What Makes Great Investor Relations

Great Investor Relations demonstrate three key ingredients: consistency, clarity, comprehensiveness.

This article shares the details and examples of this framework in action.

At TDM we often reflect that the difference between a good and a poor investor relations effort can mean the difference between a company trading at a chronic discount to fair value or indeed the opposite!!

We have also seen a number of other benefits for companies who excel at investor relations, and these largely include, but certainly not limited to;

  • Higher quality investor interactions and conversations — that is, less time spent on clarifying facts and more time on value additive discussion between management and engaged shareholders. This often means also that there is less overall management hours spent and invested for a similar result. Win/ Win in regards to both efficiency and quality!
  • Ease of attracting new investors — there is certainly less friction to a high quality shareholder register if IR is of a consistent high standard.
  • Higher valuation (multiple rating) as a result of more transparency and trust

We believe many companies continue to under-estimate the benefits of a top quality IR function and to our mind, any investment in high quality IR actually saves management’s time in the long run. Often the inverse is assumed — that is, the more time spent on IR, the greater the time management are diverted from running the business. This is simply not the case.For this reason we spend a lot of time helping our investee companies think about ways to improve their approach to investor relations.

As everybody loves an acronym, we can easily come up with one which captures the key ingredients of a great IR effort. Consistent, Clear and Comprehensive.

There also has to be an overarching framework of fairness and a commitment to equity of treatment of all shareholders. That is why we believe all earnings calls there should have a dial in and transcript; why there should be a blackout period leading into earnings calls; and why it is not ok for management to say “don’t worry, we won’t put this information into the presentation but I am ok telling some valued shareholders at our discretion”. The trust destruction from not being equitable will eventually only be matched by the share price value destruction it causes.

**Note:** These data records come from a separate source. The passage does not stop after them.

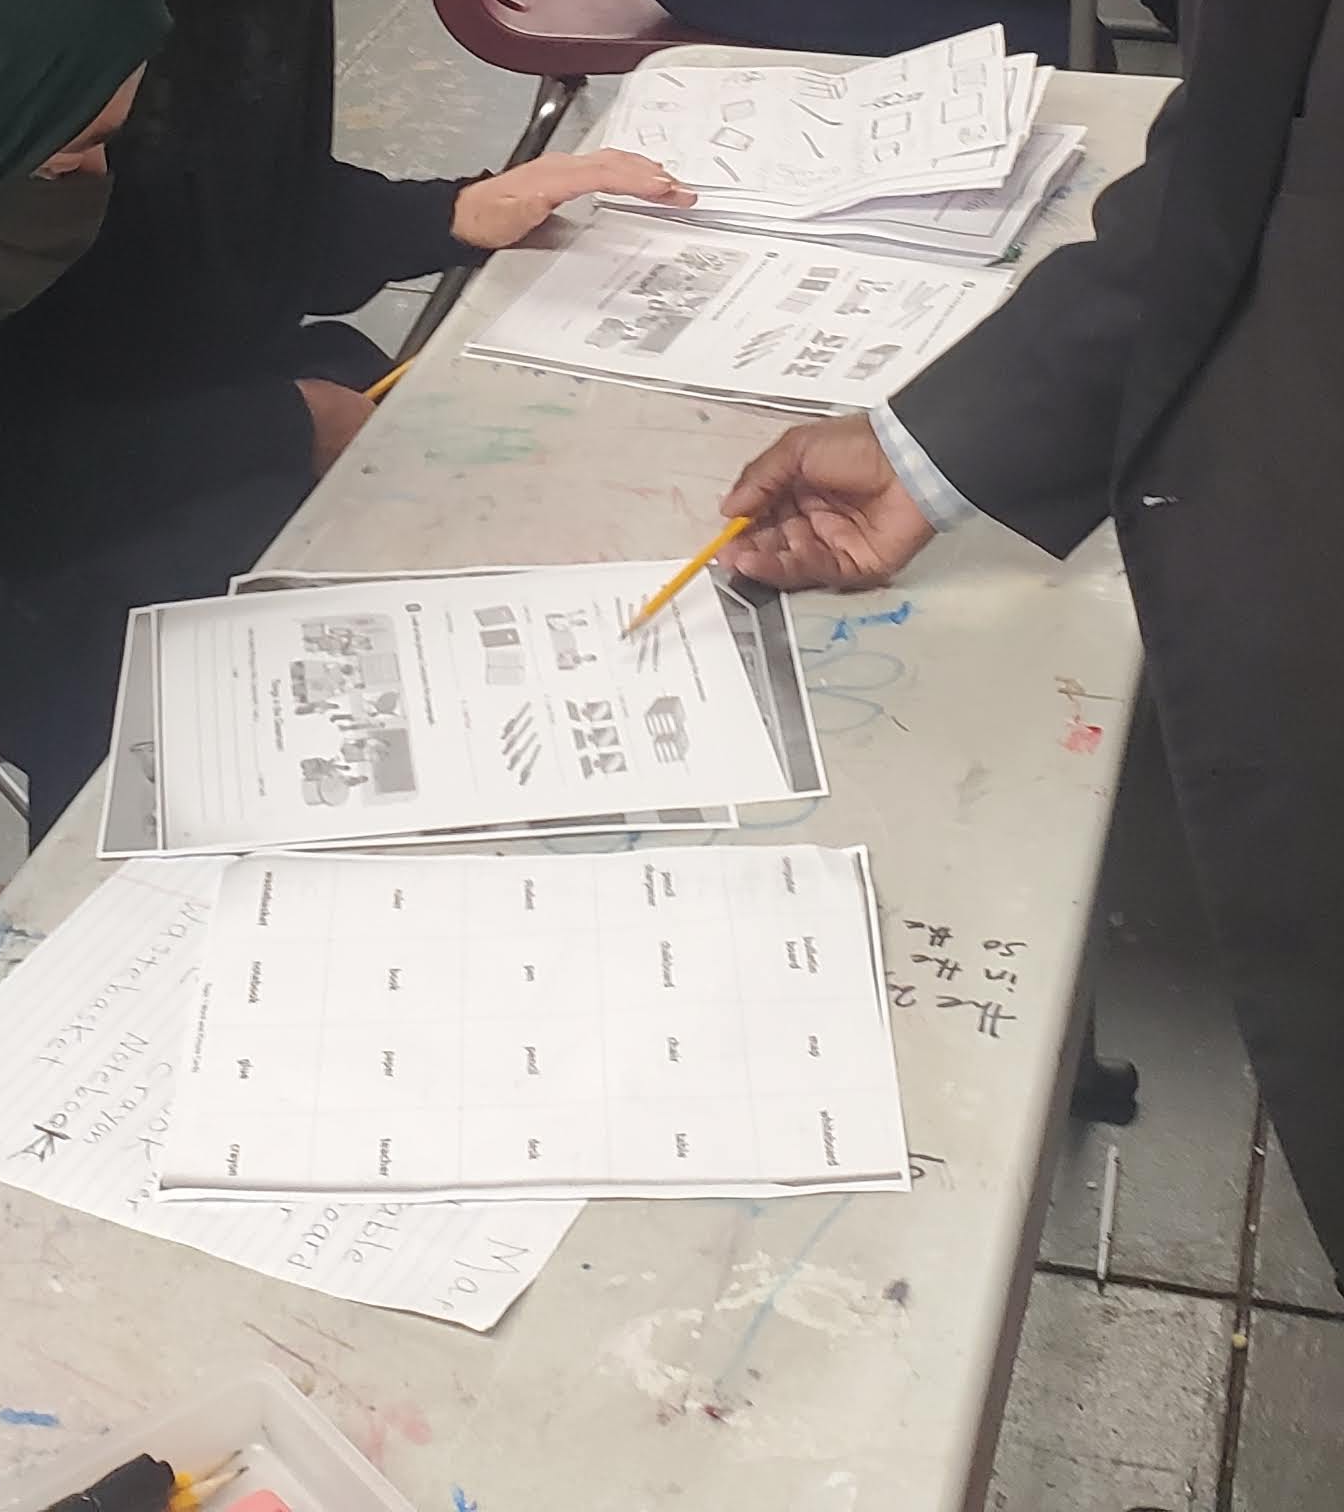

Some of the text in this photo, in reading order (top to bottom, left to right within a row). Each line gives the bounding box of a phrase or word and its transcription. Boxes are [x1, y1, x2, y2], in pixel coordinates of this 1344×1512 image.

[257, 870, 272, 927] wastebasket
[660, 871, 676, 898] pencil
[785, 940, 802, 969] board
[802, 935, 819, 974] bulletin
[247, 960, 262, 1004] notebook
[388, 968, 402, 992] book
[522, 964, 536, 982] pen
[666, 1036, 681, 1063] chair
[807, 1035, 821, 1058] map
[236, 1058, 253, 1080] glue
[381, 1050, 396, 1078] paper
[523, 1046, 539, 1076] pencil
[527, 1138, 541, 1161] desk
[674, 1132, 689, 1159] table
[820, 1109, 840, 1167] whiteboard
[226, 1143, 241, 1177] crayon
[378, 1137, 393, 1177] teacher

Great Investor Relations is…


The more consistent, the easier it is for investors to join the dots around basic inferences in regards to period to period performance. Think of it as your gift to investors that frees up mental capacity to focus on the important new information being disclosed. Everyone is short of time, they will reward you for giving some of it back to them.A classic example of what not to do is to change basic financial metrics disclosed or present the same information in different ways. Many companies mistakenly believe that by presenting IR materials in a new or ‘fresh’ ways is more important than consistency. This is fundamentally not true. Think of yourself like the local favourite eatery… there is great comfort as a customer in knowing what you are going to get and great annoyance when you go for your favourite pasta, only to see a change in menu.Many companies chop and change disclosure and miss the point that every hour an investor spends on unnecessarily piecing together a puzzle, the less time they have to focus on learning and digesting incremental information provided.We’ve also seen companies continuously update power point templates and table styles — we believe you lose much more than you gain from these distractions.

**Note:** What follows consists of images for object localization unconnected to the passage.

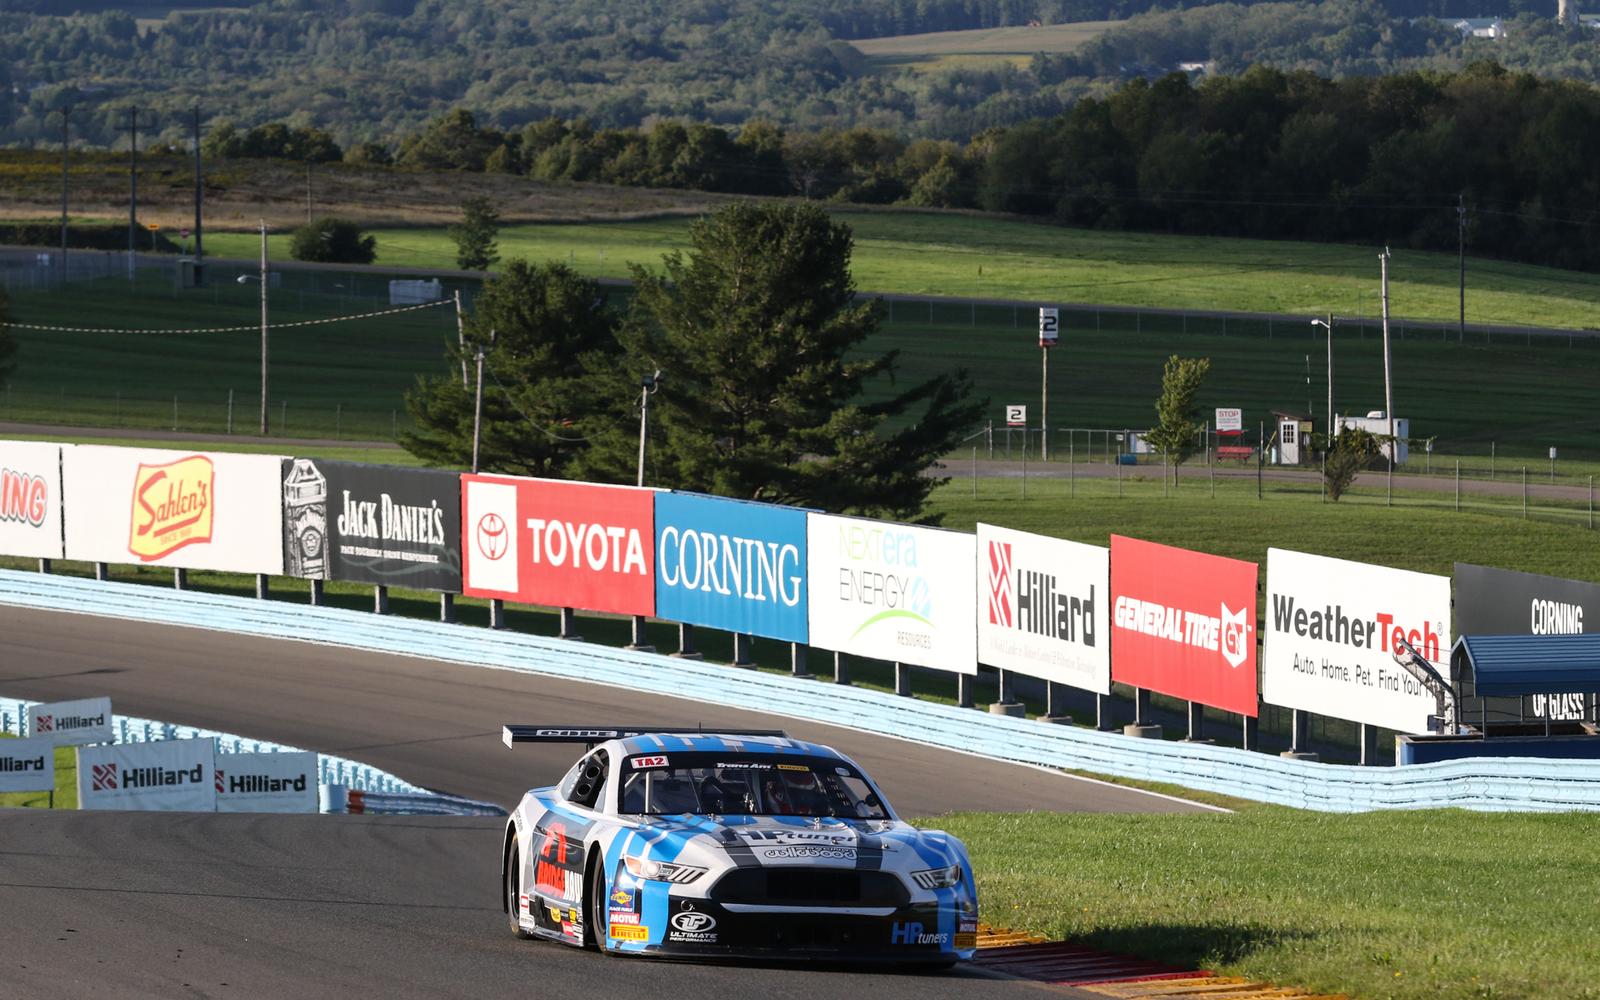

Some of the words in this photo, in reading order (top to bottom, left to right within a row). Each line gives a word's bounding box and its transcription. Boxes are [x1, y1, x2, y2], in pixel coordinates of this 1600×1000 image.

[1043, 316, 1057, 331] 2
[1011, 409, 1021, 420] 2
[1218, 410, 1239, 418] STOP
[137, 470, 207, 536] Sahlen's
[337, 489, 379, 539] JACK
[527, 518, 647, 576] TOYOTA
[839, 524, 918, 568] NEXTera
[659, 526, 802, 607] CORNING
[840, 567, 909, 608] ENERGY
[1017, 568, 1096, 647] Hilliard
[1114, 595, 1184, 643] GENERAL
[1184, 611, 1221, 651] TIRE
[1531, 598, 1583, 635] CORNING
[897, 630, 931, 649] RESOURCES
[1293, 652, 1317, 675] Auto.
[1322, 658, 1351, 682] Home.
[1356, 664, 1374, 687] Pet.
[1379, 669, 1399, 692] Find
[56, 714, 104, 731] Hilliard
[122, 763, 203, 789] Hilliard
[635, 757, 665, 767] TA2
[230, 774, 306, 793] Hilliard
[610, 913, 639, 925] MOTUL
[670, 931, 718, 939] ULTIMATE

Warren Buffett sums it up well — when he is writing his legendary Berkshire annual letters he aims to make the letter accessible as well as informative, and he’s careful not to include too much jargon. To keep it readable, he writes the letter as if he’s talking to his two sisters.

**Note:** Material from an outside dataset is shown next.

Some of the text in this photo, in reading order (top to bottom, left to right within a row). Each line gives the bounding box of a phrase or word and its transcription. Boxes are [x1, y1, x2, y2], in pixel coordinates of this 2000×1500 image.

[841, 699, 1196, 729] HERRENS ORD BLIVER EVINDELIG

“Berkshire is pretty much their whole investment, and although they’re smart, they are not active in business, so they’re not reading about it every day. I pretend that they’ve been away for a year and I’m reporting to them on their investment.”

It’s not a bad test. A trap we see many companies fall into is to assume too much knowledge. Yes, it can be very painful engaging in repetitious storytelling, but refreshing investors on the basics upfront is key.Assume that many of your investors are hearing you for the very first time. How do you describe your business to somebody outside of the investment community at a BBQ in less than 2 minutes? There is a surprisingly high failure rate when it comes to companies perfecting their “elevator pitch”. Perfect it and use it over and over again.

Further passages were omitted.